**** RECORDS
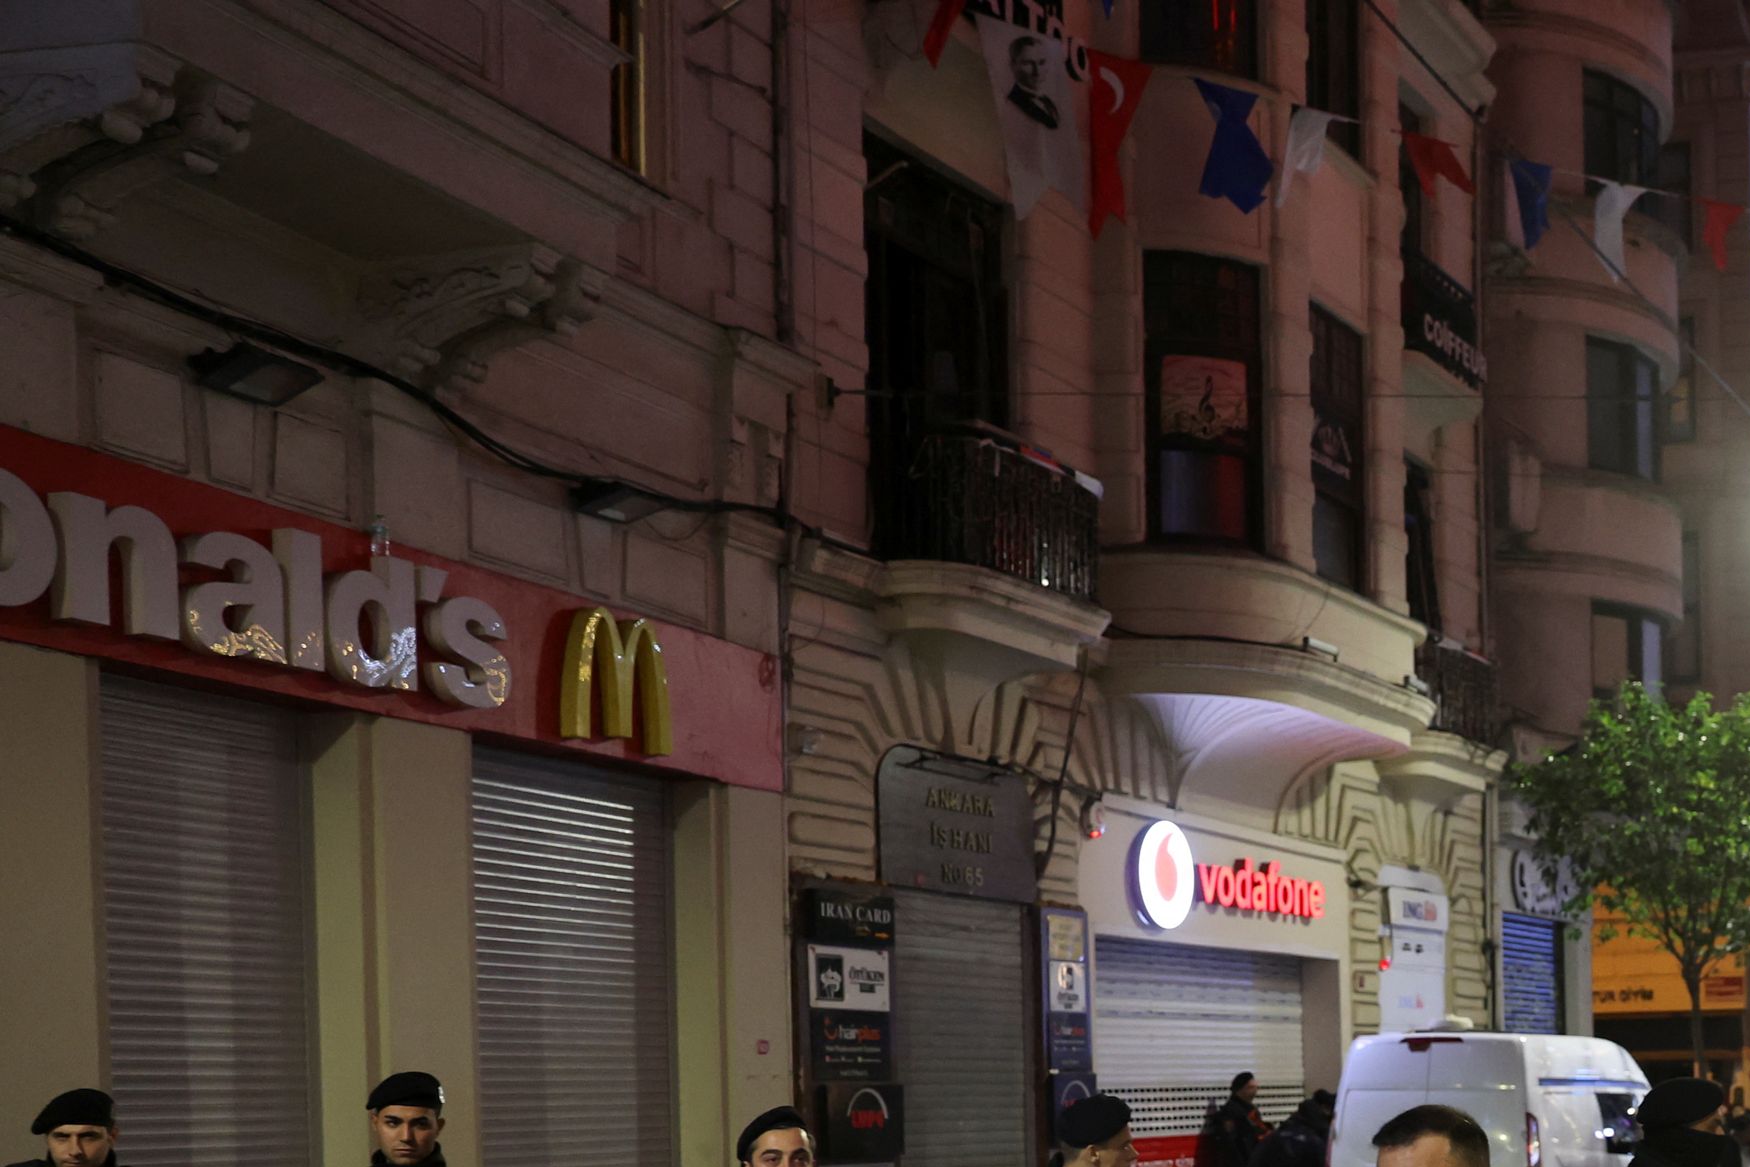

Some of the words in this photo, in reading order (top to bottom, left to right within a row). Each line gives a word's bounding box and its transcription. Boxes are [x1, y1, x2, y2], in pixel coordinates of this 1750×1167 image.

[926, 788, 994, 817] ANKARA
[964, 866, 984, 887] 65
[1198, 857, 1325, 919] vodafone
[820, 902, 853, 919] IRAN
[856, 906, 891, 924] CARD
[839, 1024, 880, 1043] hairplus
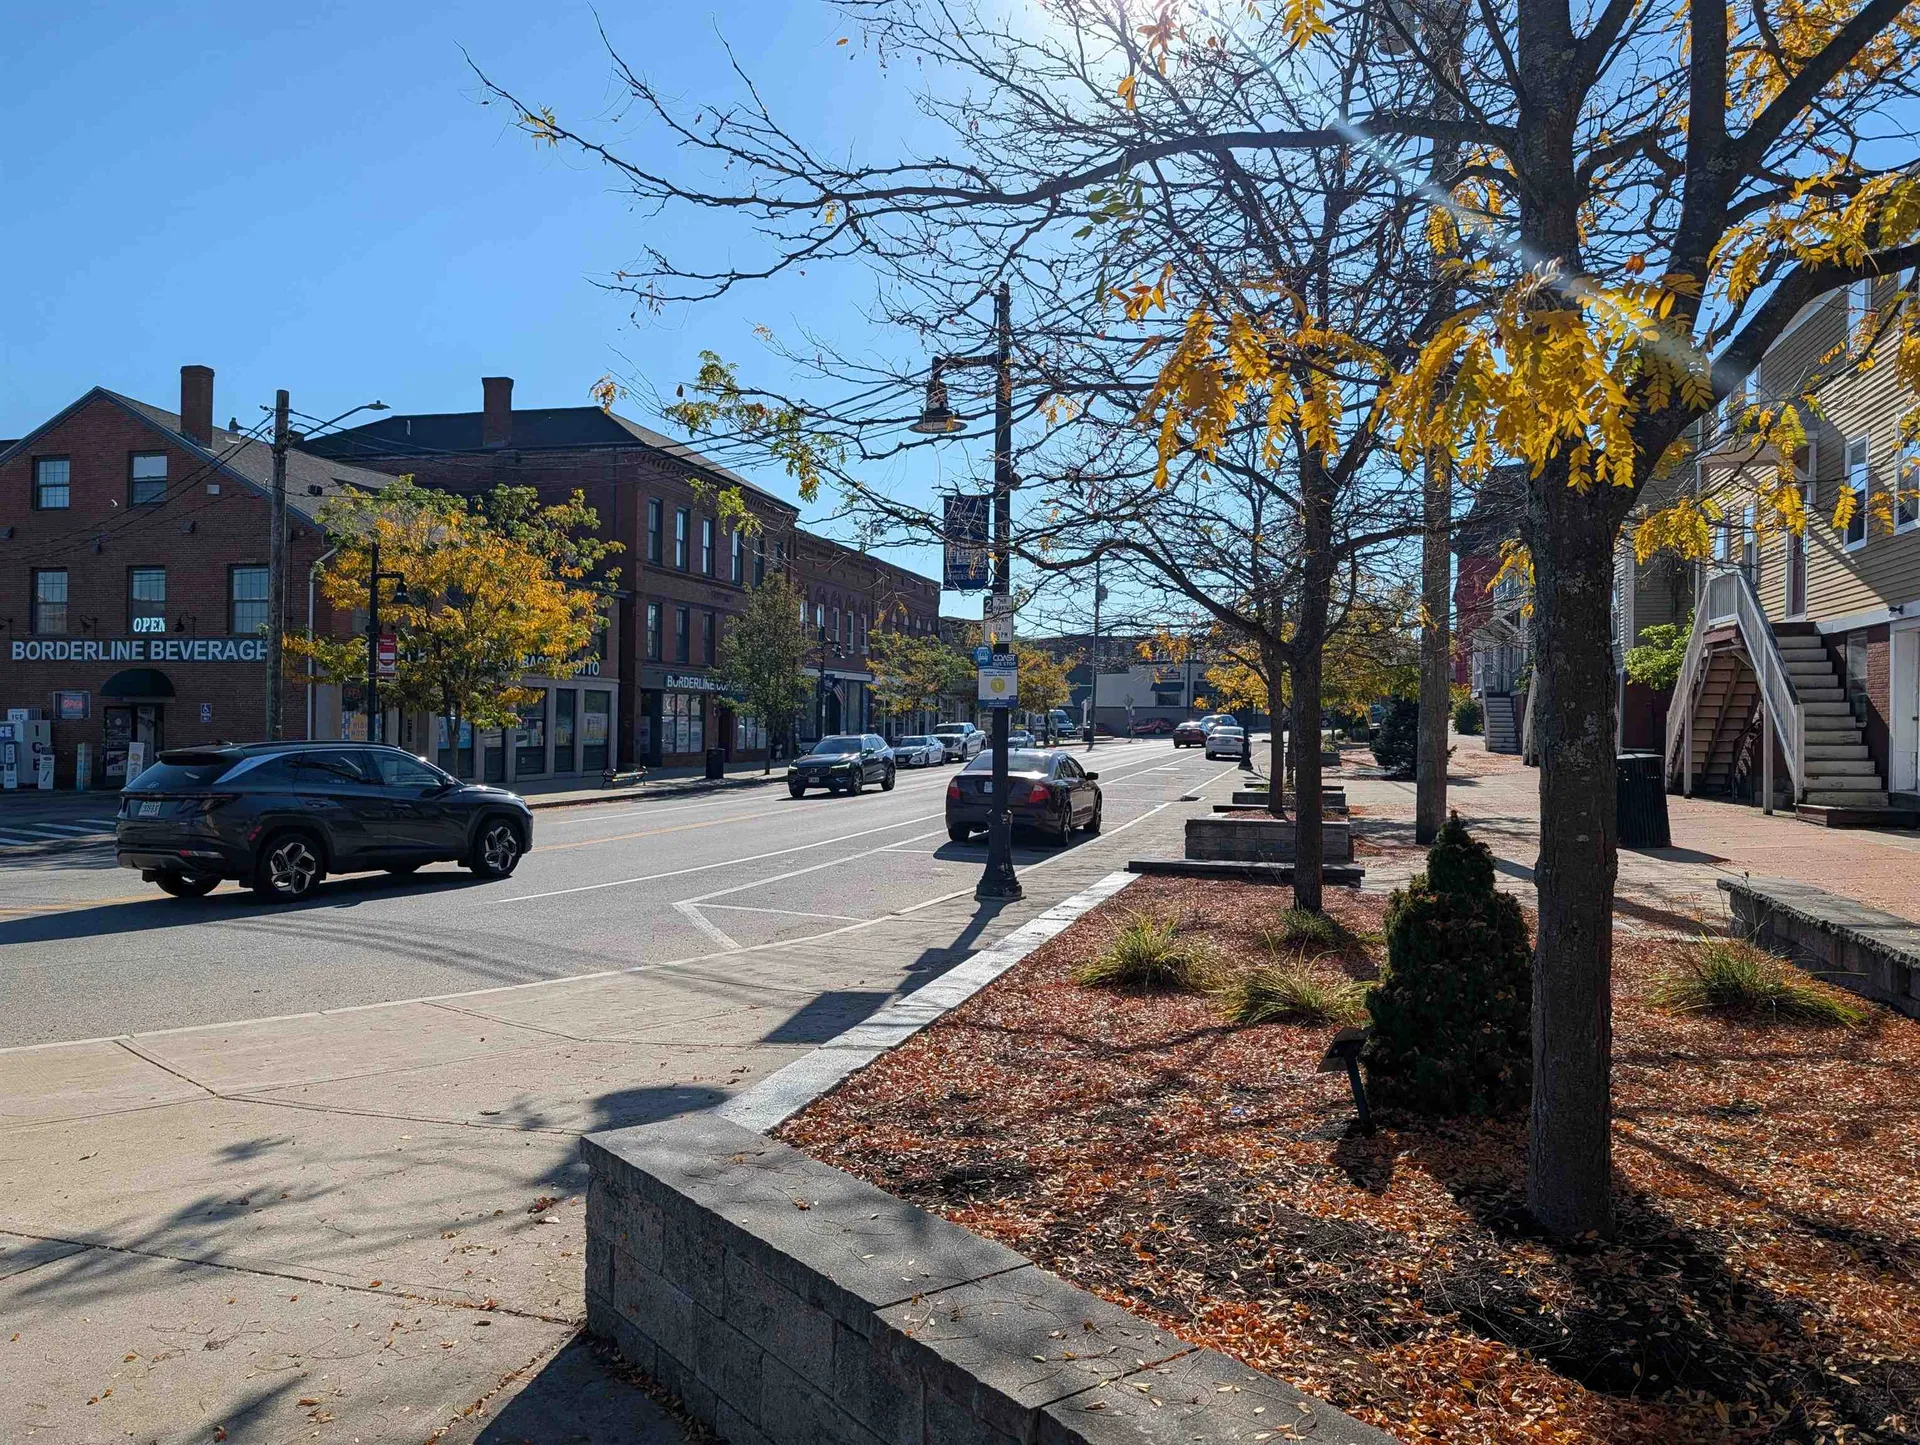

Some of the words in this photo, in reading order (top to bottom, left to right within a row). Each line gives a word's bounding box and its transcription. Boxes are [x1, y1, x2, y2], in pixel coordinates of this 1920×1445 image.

[985, 599, 992, 611] 2
[133, 617, 166, 632] OPEN
[11, 640, 145, 660] BORDERLINE
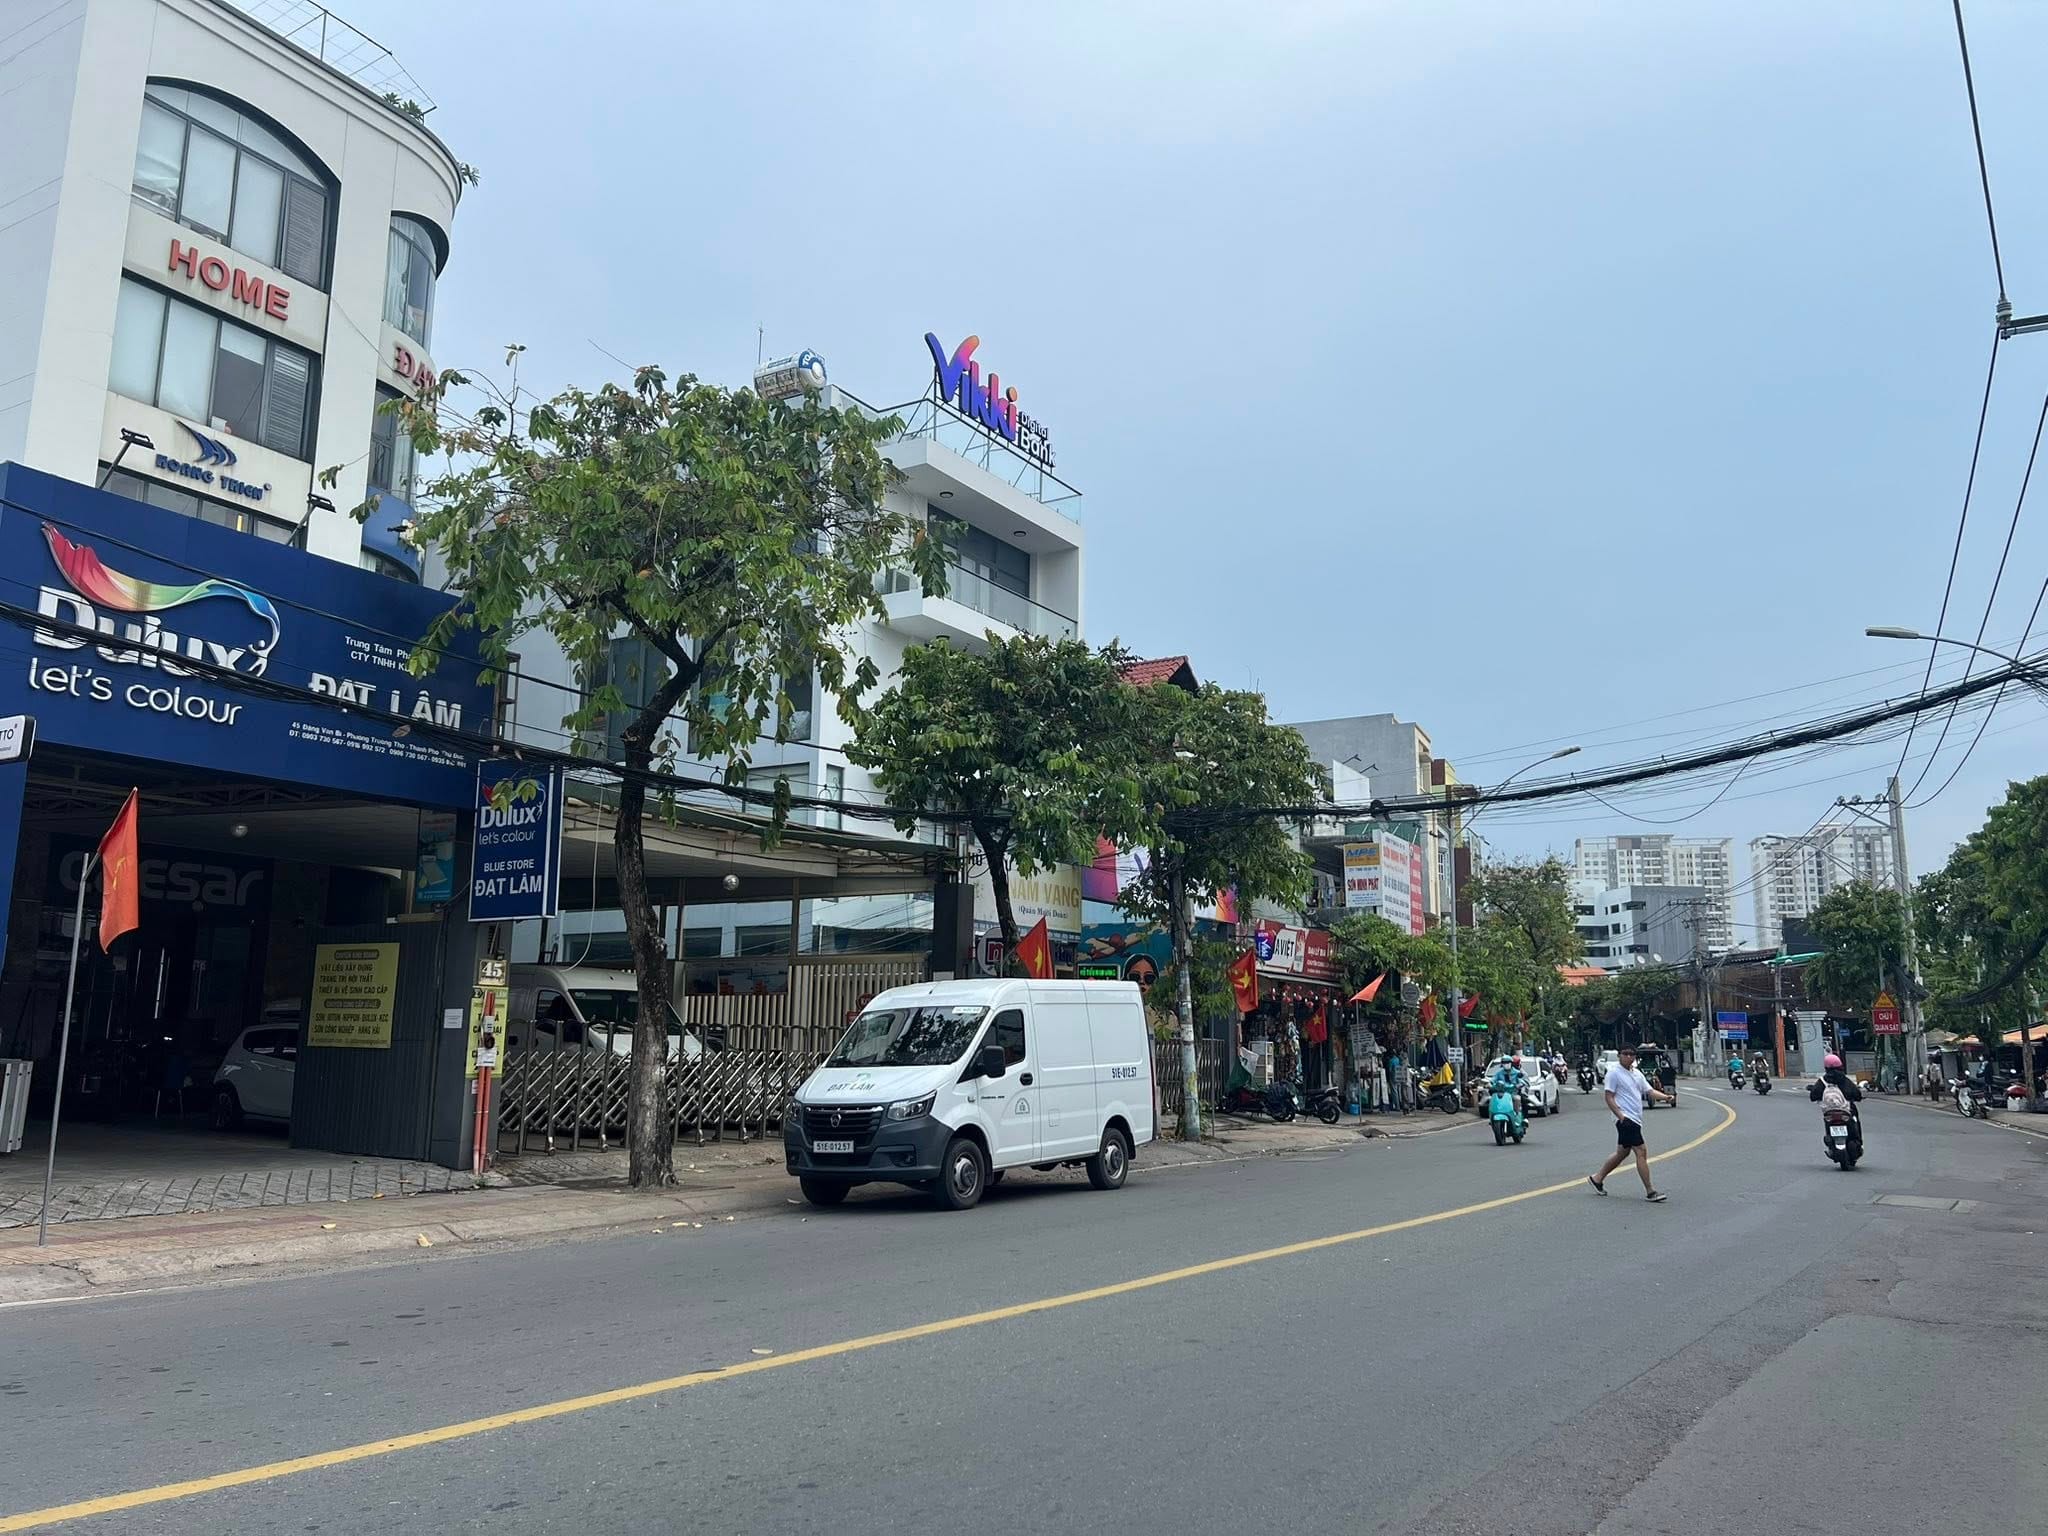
********
ACTIVITY
Pictures are to be omitted. Output verbatim only the lines from the one holding "this 1920×1445 image." through the end of the material, both included.

SOLUTION FOR THIS PROBLEM
Some of the words in this photo, in reading order (top to bottom, left to right within a row). Each line gives a word's bounding box and its transcription. Boxes are [x1, y1, x2, y2], in pixel coordinates of this 1920×1445 image.

[985, 599, 992, 611] 2
[133, 617, 166, 632] OPEN
[11, 640, 145, 660] BORDERLINE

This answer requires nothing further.